Living with a mental illness can be extremely isolating and lonely. The relationship is two-way: others may not reach out as you have been understandably distant due to feeling unwell, and you may not contact others for the same reasons. It’s a vicious cycle.
I find it very hard to open up and express my feelings. Having depression means that I feel like I am worthless, carrying around in my head that I am “unworthy” of other people. If I feel worthless, I’m not likely to contact others as I don’t feel I deserve their attention.

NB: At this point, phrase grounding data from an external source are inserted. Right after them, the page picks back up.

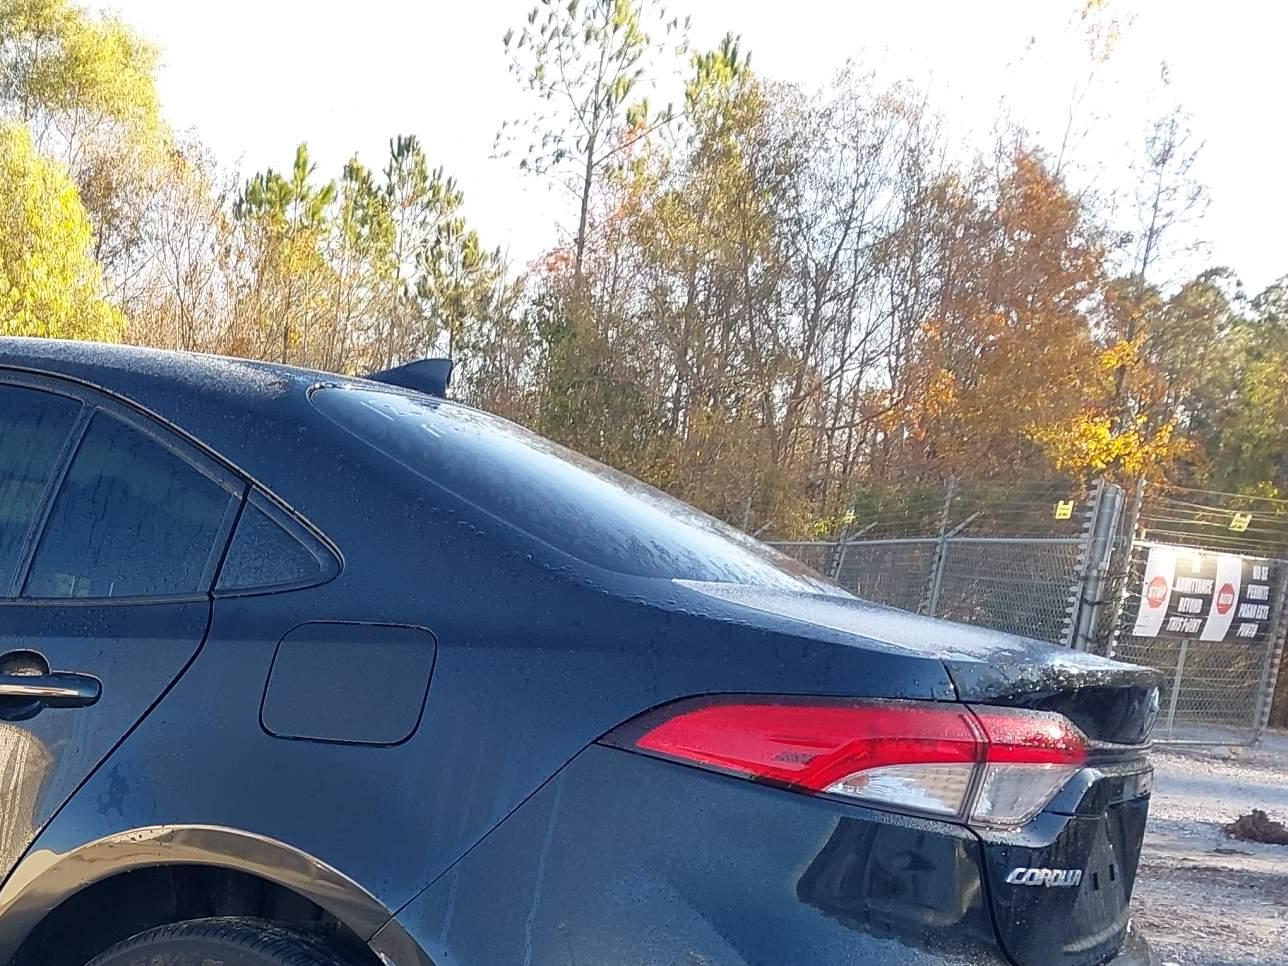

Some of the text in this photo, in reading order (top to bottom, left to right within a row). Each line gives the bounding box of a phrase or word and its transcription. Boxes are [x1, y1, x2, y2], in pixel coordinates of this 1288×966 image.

[1178, 597, 1203, 613] BEYOND
[1166, 617, 1202, 633] THIS POINT
[1006, 867, 1082, 888] COROLLA
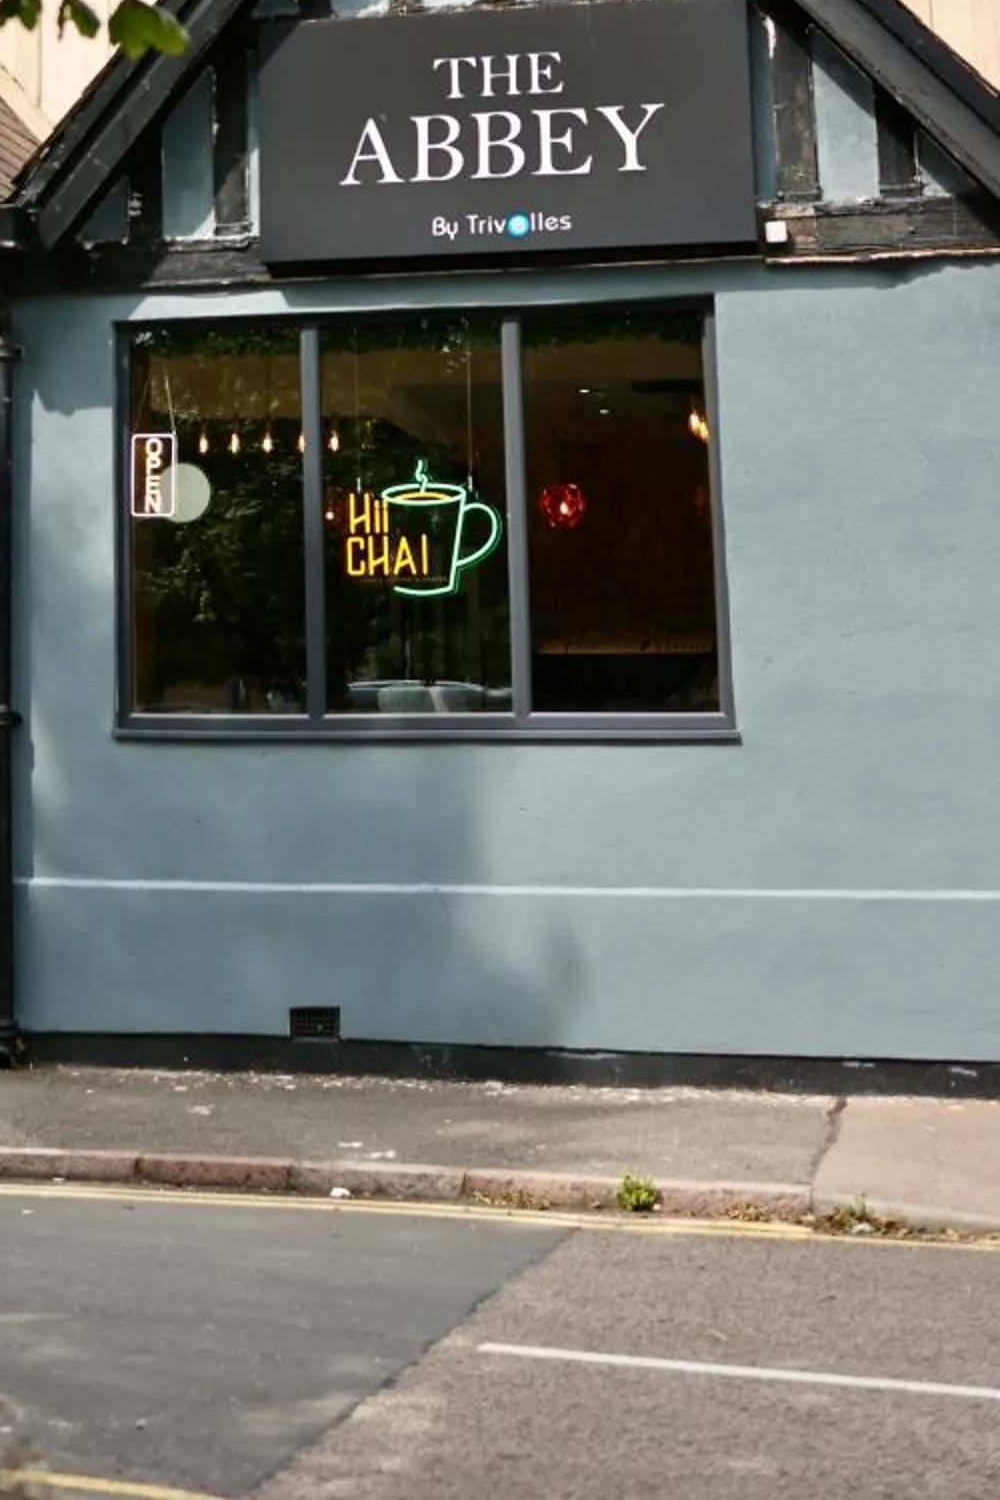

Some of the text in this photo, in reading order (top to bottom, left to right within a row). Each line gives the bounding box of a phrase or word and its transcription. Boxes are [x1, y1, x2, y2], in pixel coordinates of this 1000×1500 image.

[433, 51, 564, 99] THE
[338, 102, 665, 185] ABBEY
[431, 211, 572, 241] By Trivlles
[144, 437, 163, 513] OPEN
[346, 533, 429, 576] CHAI

During my gap year I felt very, very isolated. I’d taken a year off as I knew I wasn’t well enough to go to university. All my school friends were doing other things and starting to live their new lives. Yet I was stuck, in some ways getting worse. I spent most of my year trapped in crippling social anxiety. I had little social contact outside my immediate family, even being too anxious to be served by cashiers. Life was very restricted. Friends were understandably busy, and I was slipping into feeling more worthless.

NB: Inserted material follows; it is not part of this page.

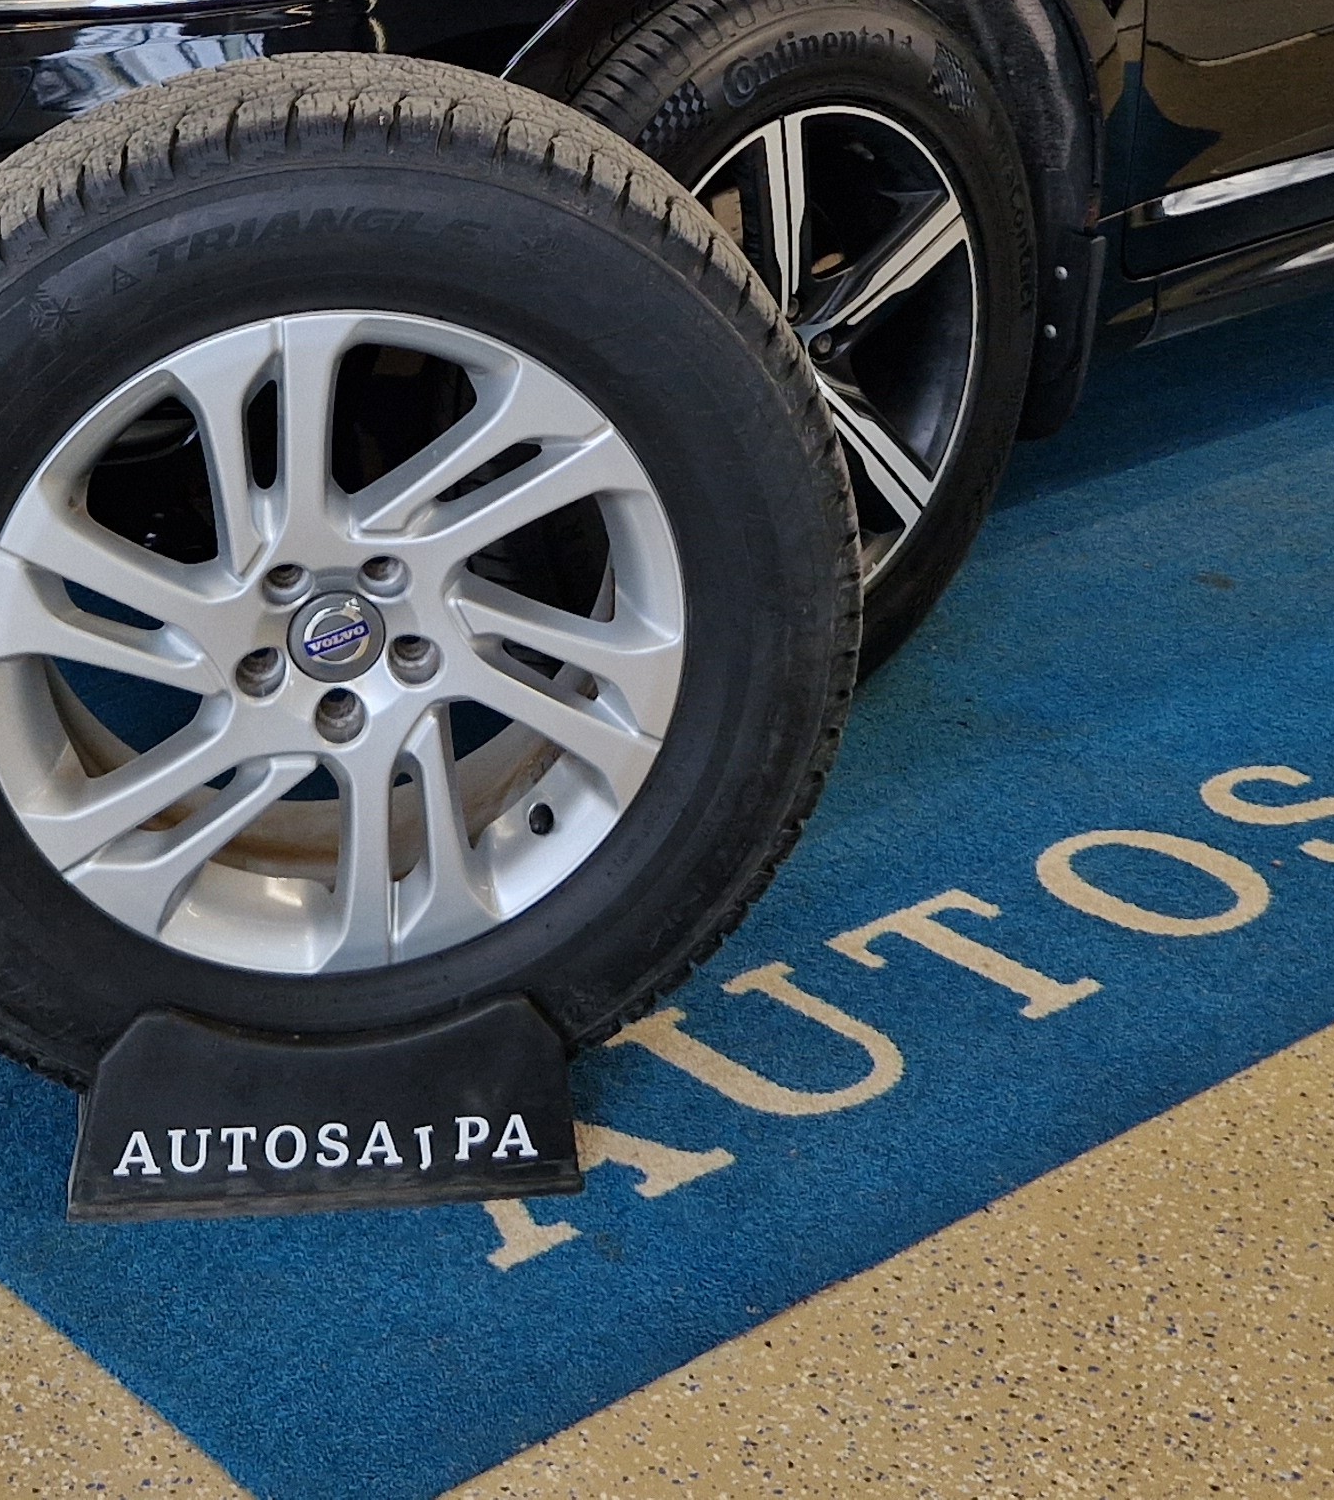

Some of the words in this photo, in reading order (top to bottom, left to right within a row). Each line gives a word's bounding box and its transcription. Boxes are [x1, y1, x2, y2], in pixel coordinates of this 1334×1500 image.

[722, 26, 895, 107] Continental
[147, 206, 493, 274] TRIANGLE
[307, 624, 365, 652] VOLVO

Although social contact was hard, messages from other people meant the world to me, but they were few and far between. It would have helped so much if more people had reached out and asked how I was, even if at the time all I could respond was “not great”.
The #AskTwice campaign can have such a great impact, as the simple act of someone really asking how I was would have really helped me in my isolated year. It would have made me feel that I wasn’t alone, and that people did care. To me, the campaign requires action by both those who ask and the receiver. When I started to be more open about things I was struggling with, more people started to check in and find out how I was doing.
Sometimes it isn’t as straightforward as “How are you?”, as we are so used to saying “Fine, thanks” in response. I am naturally reserved, and one ask alone wouldn’t be inviting enough for me to talk about things that are bothering me. This is likely due to the stigma around talking about negative feelings and thoughts, ones that everyone has but feels too ashamed to share. My close friends ask how my weekend was, how university is going, what I did at the weekend. This invites me to start talking about anything so that I might start to open up about how I’ve been doing. They are able to show me that they do want to listen to me, leaving the door open to discuss what I feel I am able to.
I’ve started to make a difference in my responses when people ask how I am. If I am having a rough time, I’ll try to respond that I am. It allows other people to feel more comfortable in knowing that they can share their true feelings too, breaking the cycle of the “Fine, thanks” response that dominates our interactions.
The #AskTwice campaign can have such a widespread effect, as not only does it give a platform for those who are unwell to be listened to, but it makes us all aware that not everyone is “Fine” all the time.
One reason the stigma around talking about mental health persists is that often people feel they don’t know what to say to someone who is struggling. However, all that is needed is the ability to listen – you don’t need to try and fix the problem. Check in with friends and make sure to #AskTwice to show that you really do care and are ready to listen.